:: Material to process ::

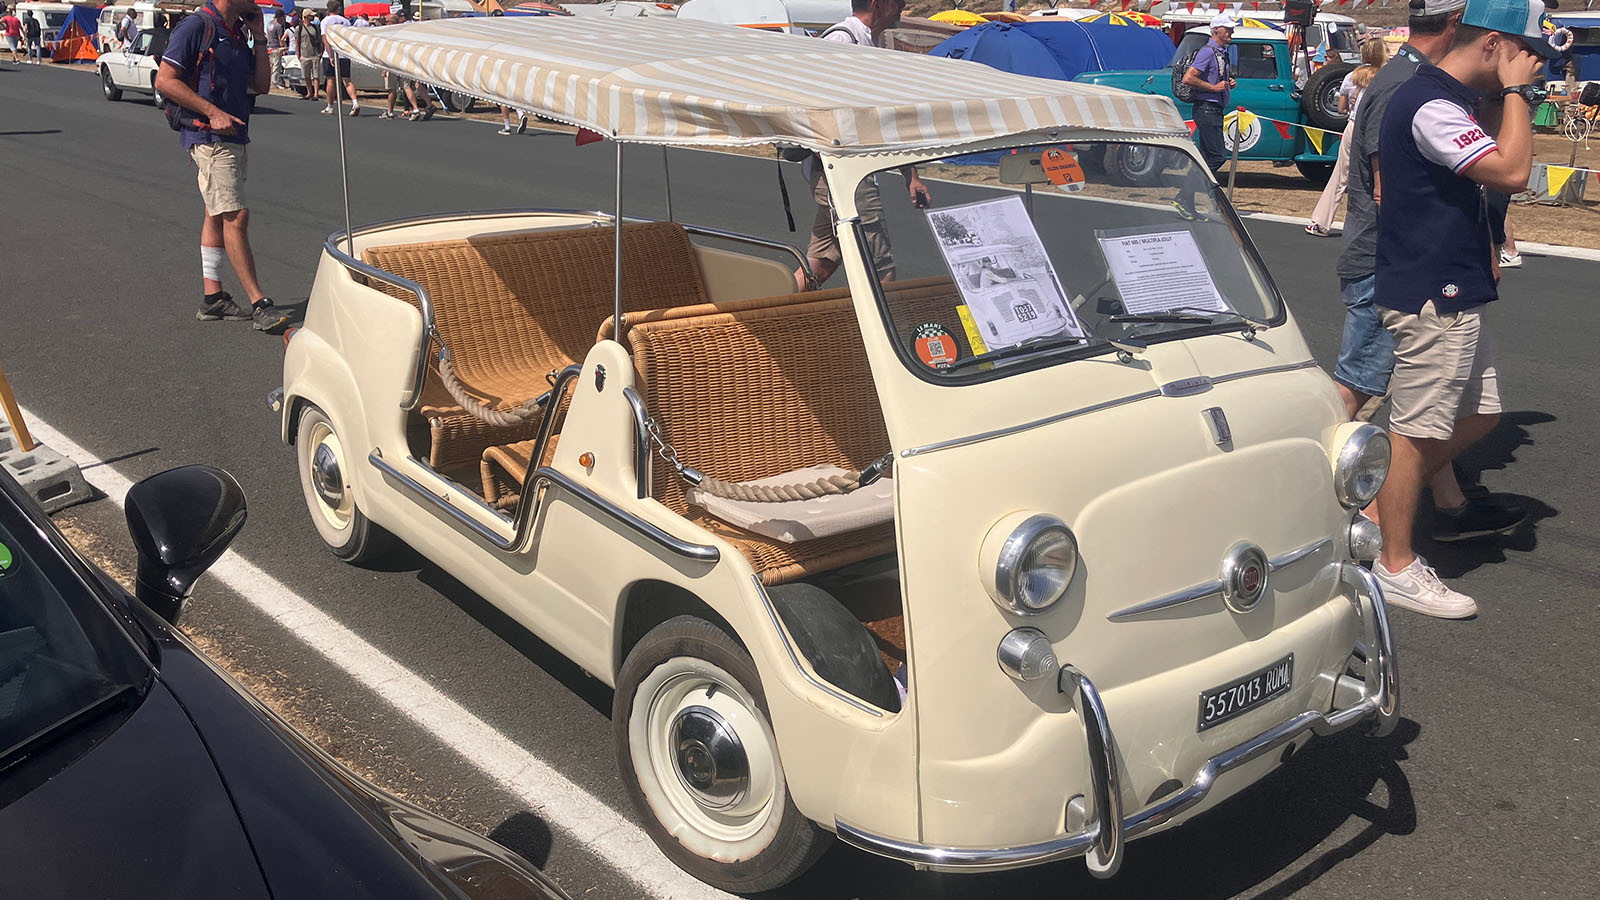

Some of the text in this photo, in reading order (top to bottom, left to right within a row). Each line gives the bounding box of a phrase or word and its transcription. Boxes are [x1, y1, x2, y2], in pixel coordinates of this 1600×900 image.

[1452, 128, 1486, 149] 1923
[923, 322, 942, 330] MANS
[1205, 661, 1289, 720] 557013 ROMA
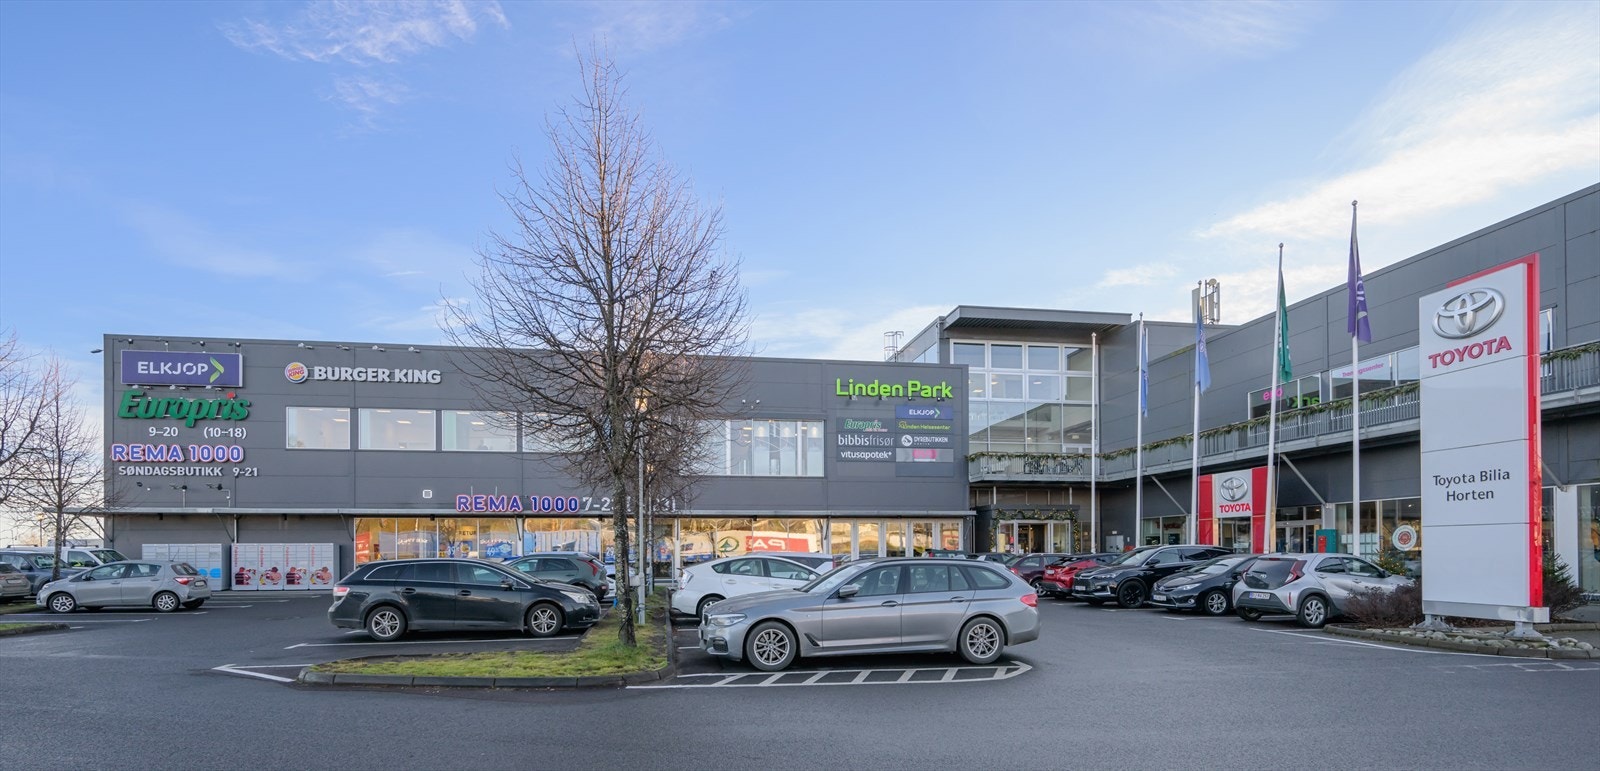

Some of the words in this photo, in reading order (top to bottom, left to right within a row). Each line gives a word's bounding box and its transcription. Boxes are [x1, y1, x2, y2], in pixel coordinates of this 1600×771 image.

[1428, 335, 1512, 369] TOYOTA
[314, 366, 390, 382] BURGER
[394, 368, 441, 384] KING
[1342, 362, 1384, 377] Trengssenter
[836, 377, 904, 397] Linden
[907, 380, 953, 398] Park
[1263, 388, 1283, 401] eo
[118, 389, 250, 428] Europris
[149, 426, 178, 437] 9-20
[203, 426, 247, 439] (10-18)
[837, 434, 895, 446] bibbisfrisør
[111, 443, 185, 462] REMA
[189, 444, 244, 462] 1000
[118, 465, 223, 476] SØNDAGSBUTIKK
[232, 467, 258, 477] 9-21
[1433, 473, 1475, 489] Toyota
[1479, 468, 1510, 482] Bilia
[1446, 488, 1494, 502] Horten
[455, 494, 523, 512] REMA
[531, 495, 580, 513] 1000
[1219, 502, 1252, 513] TOYOTA
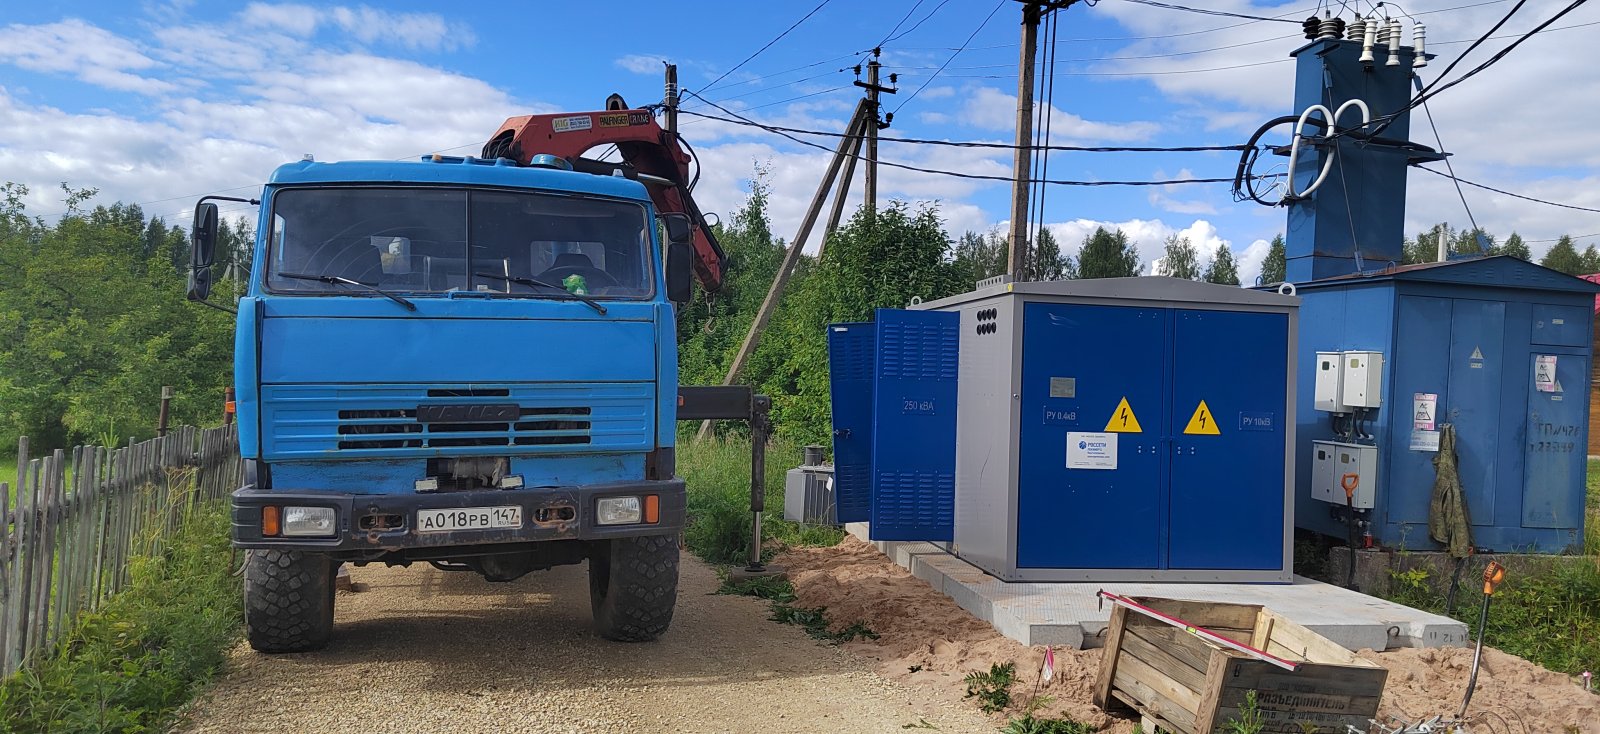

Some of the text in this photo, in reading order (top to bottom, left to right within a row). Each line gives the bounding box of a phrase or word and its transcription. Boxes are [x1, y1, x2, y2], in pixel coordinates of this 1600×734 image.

[904, 400, 918, 410] 250
[1046, 411, 1057, 420] РУ
[1243, 417, 1253, 426] РУ
[424, 508, 517, 529] А018РВ 147
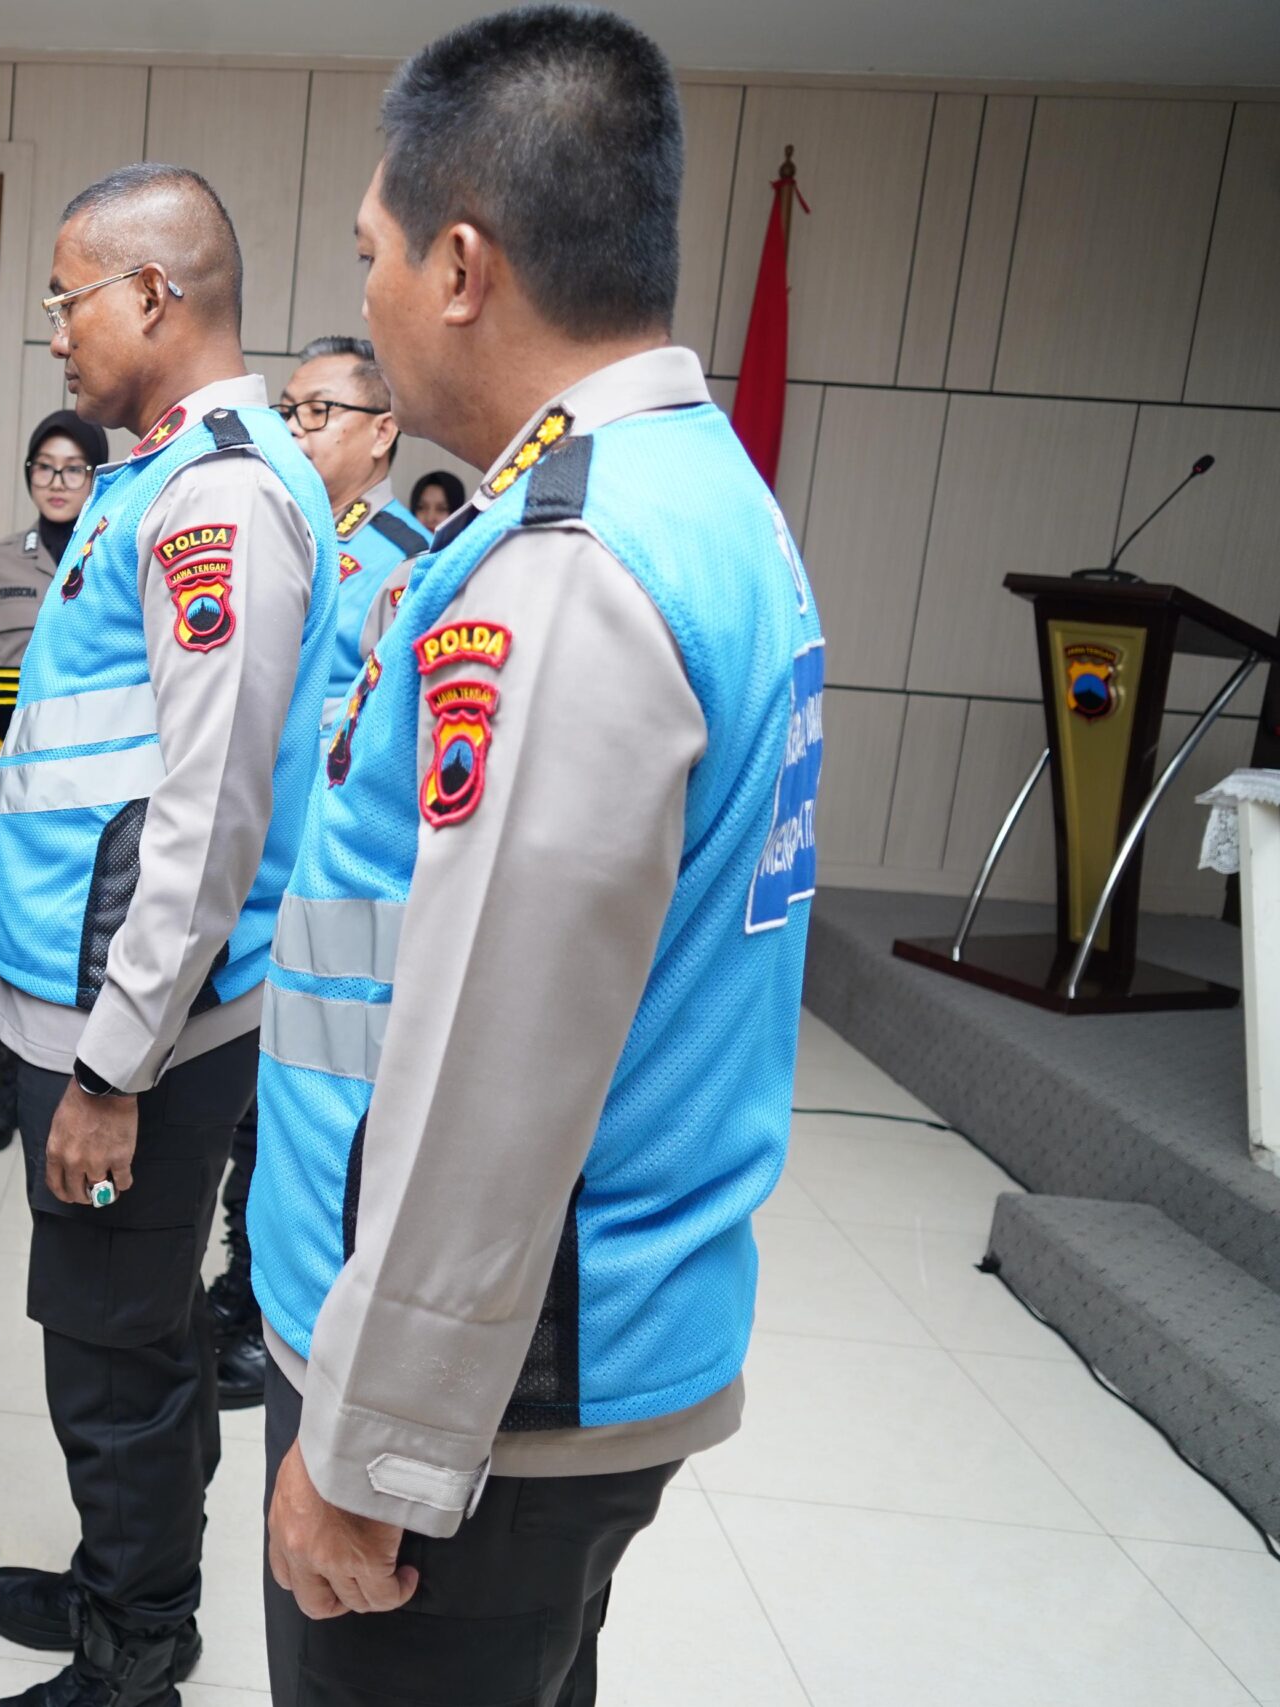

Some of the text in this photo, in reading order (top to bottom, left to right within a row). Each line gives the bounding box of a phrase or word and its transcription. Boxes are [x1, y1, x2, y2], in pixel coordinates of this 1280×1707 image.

[162, 527, 227, 560] POLDA
[173, 563, 226, 583] JAWA TENGAH
[423, 626, 505, 666] POLDA

:::

# Requirement
Copy exactly the line containing "this 1280×1707 image." and every line after it, ending with the last line of the records above.

# Solved exercise
Some of the text in this photo, in reading order (top to bottom, left to right within a row). Each line gives the bounding box of a phrase or word and its transcription. Boxes are [x1, y1, x2, y2], in pixel coordinates of this 1280×1707 image.

[162, 527, 227, 560] POLDA
[173, 563, 226, 583] JAWA TENGAH
[423, 626, 505, 666] POLDA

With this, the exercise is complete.